Após décadas de guerras às drogas fracassadas e campanhas de erradicação forçada, a produção de coca continua inabalável. As chaves do coração da coca na Colômbia agora pertencem a uma nova geração de grupos armados que operam menos como os movimentos guerrilheiros históricos do país e mais como empresas criminosas transnacionais. Eles se adaptaram, evoluíram e - o que é mais preocupante - estão vencendo.
A estratégia de "paz total" do presidente colombiano Gustavo Petro prometia diálogo e desmobilização, mas três anos após o início de seu governo, os grupos armados estão em vantagem. Com o fim de sua presidência em 2026 e impossibilitado de buscar um segundo mandato, Petro enfrenta uma dura realidade. Na melhor das hipóteses, ele poderá garantir acordos parciais que mal afetarão a produção de coca, embora até mesmo pequenas vitórias possam ajudar a melhorar uma tendência preocupante.

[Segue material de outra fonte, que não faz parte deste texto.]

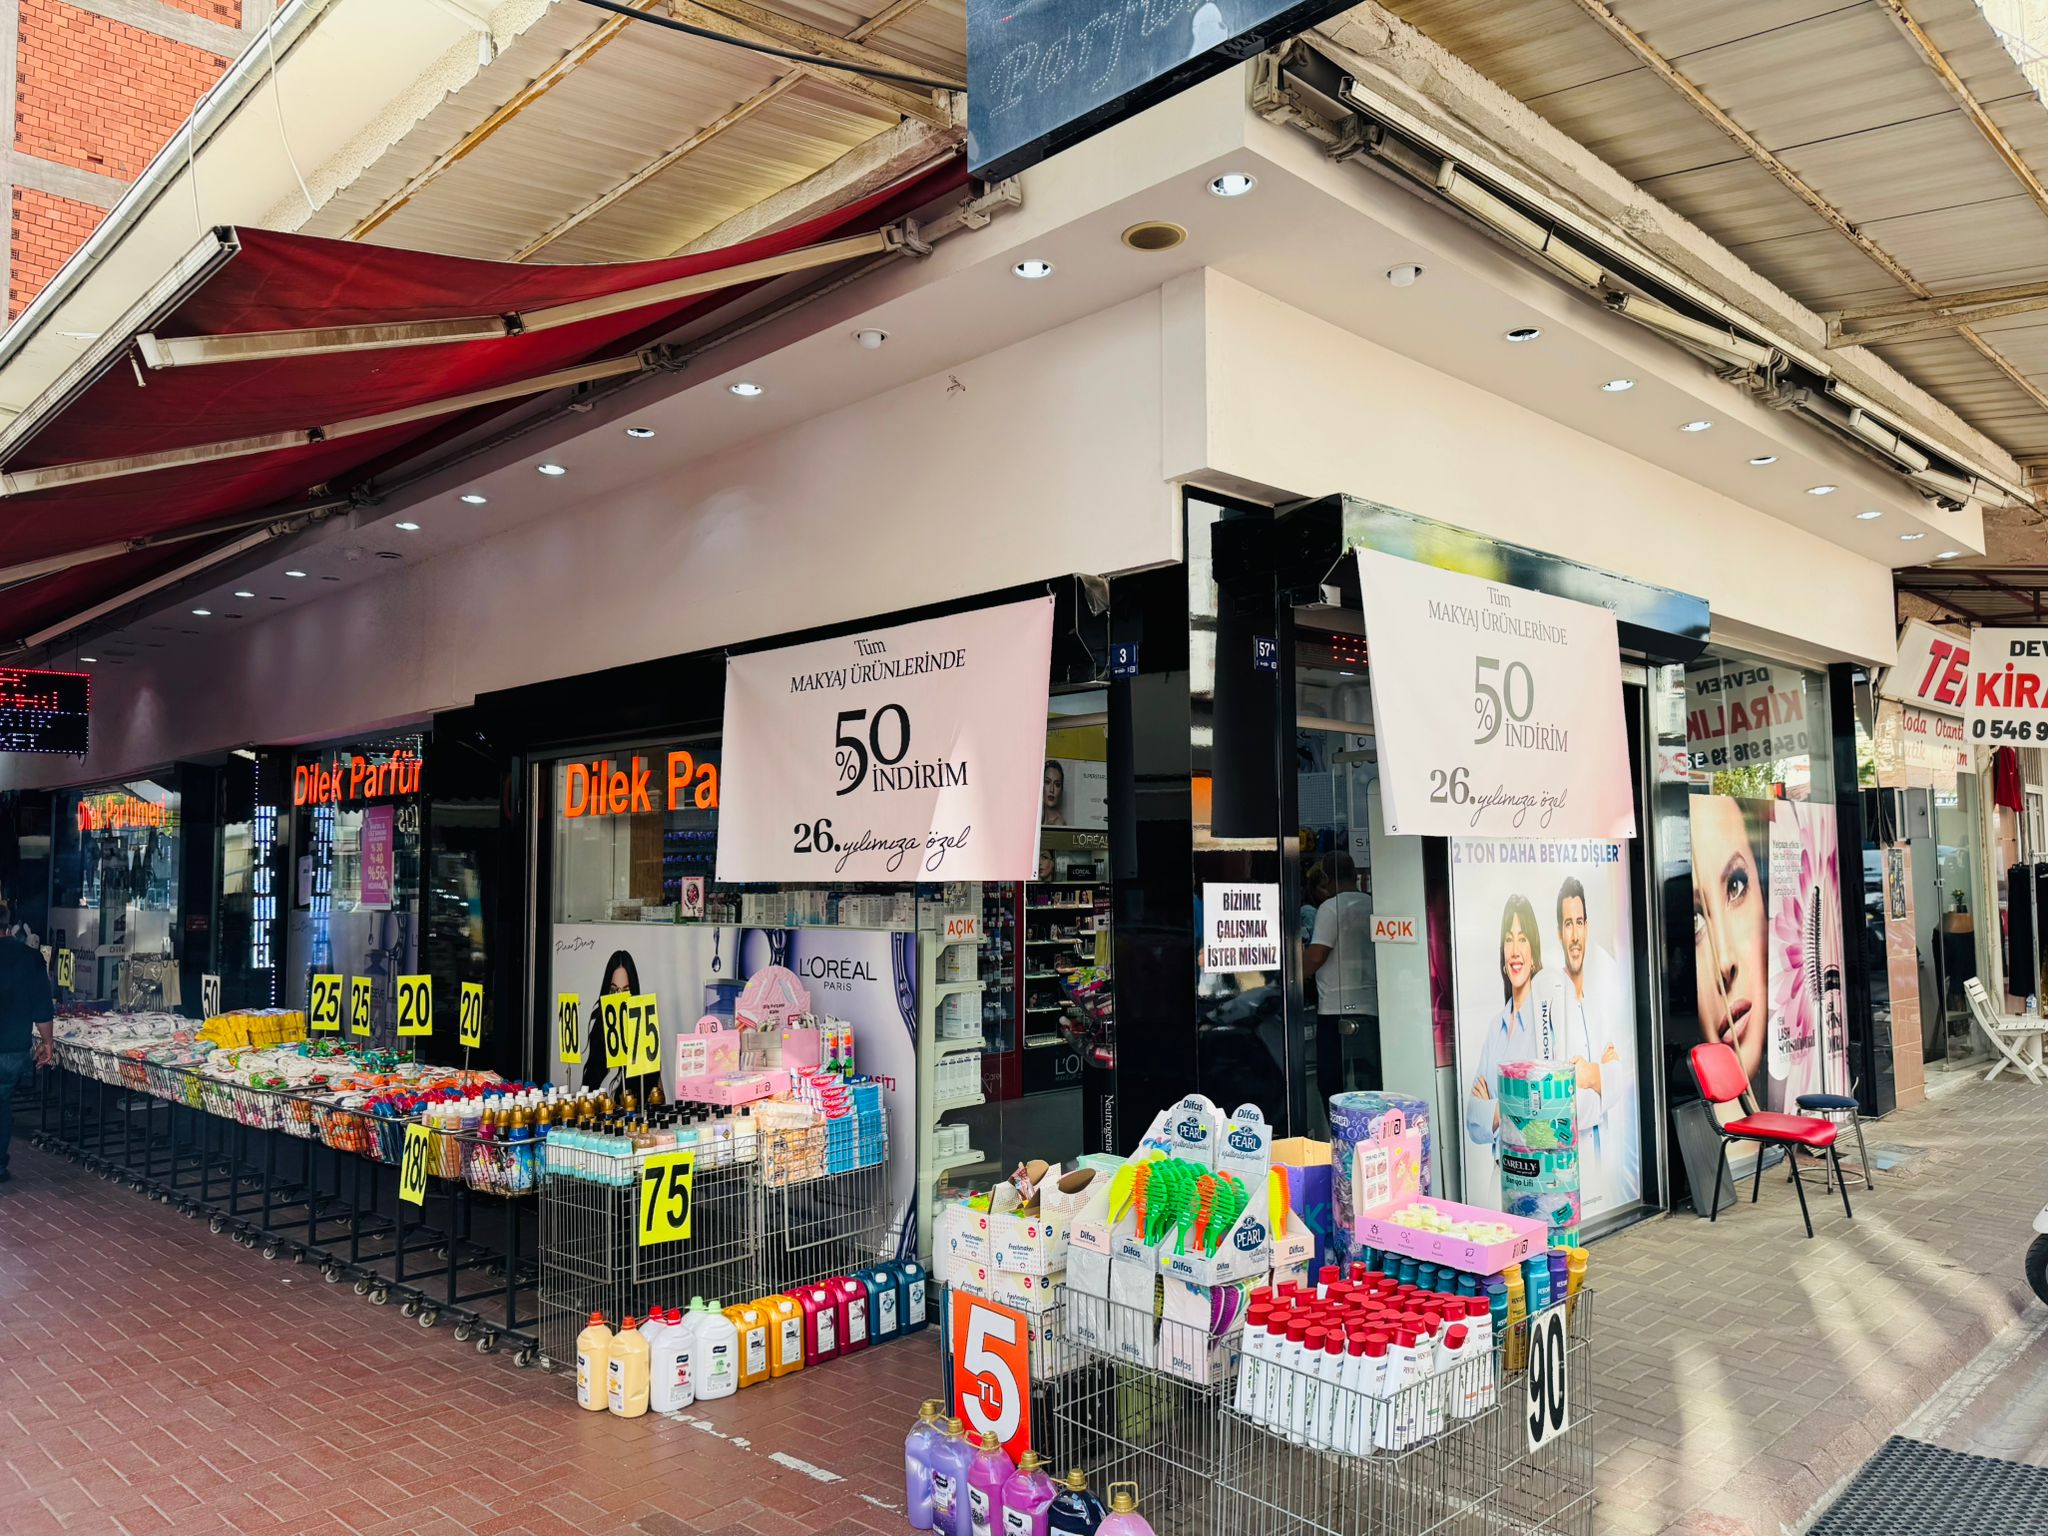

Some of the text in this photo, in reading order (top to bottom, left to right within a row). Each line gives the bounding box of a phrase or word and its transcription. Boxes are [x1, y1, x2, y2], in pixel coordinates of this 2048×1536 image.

[1486, 586, 1512, 608] Tüm
[1428, 599, 1568, 646] MAKYAJ ÜRÜNLERİNDE
[854, 638, 886, 656] Tüm
[1119, 649, 1127, 663] 3
[790, 649, 966, 693] MAKYAJ ÜRÜNLERİNDE
[1918, 638, 1970, 708] TE
[1505, 718, 1568, 752] İNDİRİM
[1972, 719, 1986, 739] 0
[1990, 720, 2031, 740] 546
[294, 759, 344, 806] Dilek
[564, 750, 719, 818] Dilek Pa
[872, 758, 969, 792] İNDİRİM
[1430, 767, 1476, 805] 26.
[1540, 788, 1568, 829] özel
[77, 799, 103, 832] Dilek
[793, 818, 971, 873] 26. yılımıza özel
[1454, 843, 1462, 863] 2
[1466, 843, 1495, 864] TON
[1500, 843, 1536, 864] DAHA
[1540, 843, 1578, 864] BEYAZ
[1223, 889, 1261, 911] BİZİMLE
[947, 919, 974, 938] AÇIK
[1217, 919, 1268, 943] ÇALIŞMAK
[1375, 920, 1413, 940] AÇIK
[58, 954, 70, 981] 75
[800, 956, 877, 981] L'ORÉAL
[1207, 943, 1277, 967] İSTER MİSİNİZ
[203, 979, 219, 1018] 50
[313, 981, 340, 1023] 25
[353, 983, 370, 1027] 25
[400, 982, 430, 1027] 20
[461, 990, 480, 1038] 20
[558, 1002, 579, 1054] 180
[628, 1004, 660, 1064] 75
[1055, 1054, 1083, 1075] L'O
[1104, 1094, 1114, 1153] Neutrogena
[1180, 1125, 1204, 1140] PEARL
[1231, 1136, 1258, 1150] PEARL
[404, 1133, 428, 1193] 180
[1503, 1158, 1537, 1171] CARELLY
[644, 1163, 690, 1232] 75
[1237, 1229, 1262, 1247] PEARL
[961, 1303, 1021, 1444] 5
[1529, 1312, 1565, 1442] 90
[977, 1380, 1000, 1407] TL

OS COMANDOS DE LA FRONTERA
Um dos grupos que controlam a produção de cocaína é o Comandos de la Frontera. As fronteiras colombianas com o Peru e o Equador estão entre os principais centros de cultivo de coca do mundo e, embora algumas regiões sejam violentamente disputadas por diferentes grupos armados, os Comandos continuam sendo o grupo dominante, com vastas áreas de território sob seu controle hegemônico.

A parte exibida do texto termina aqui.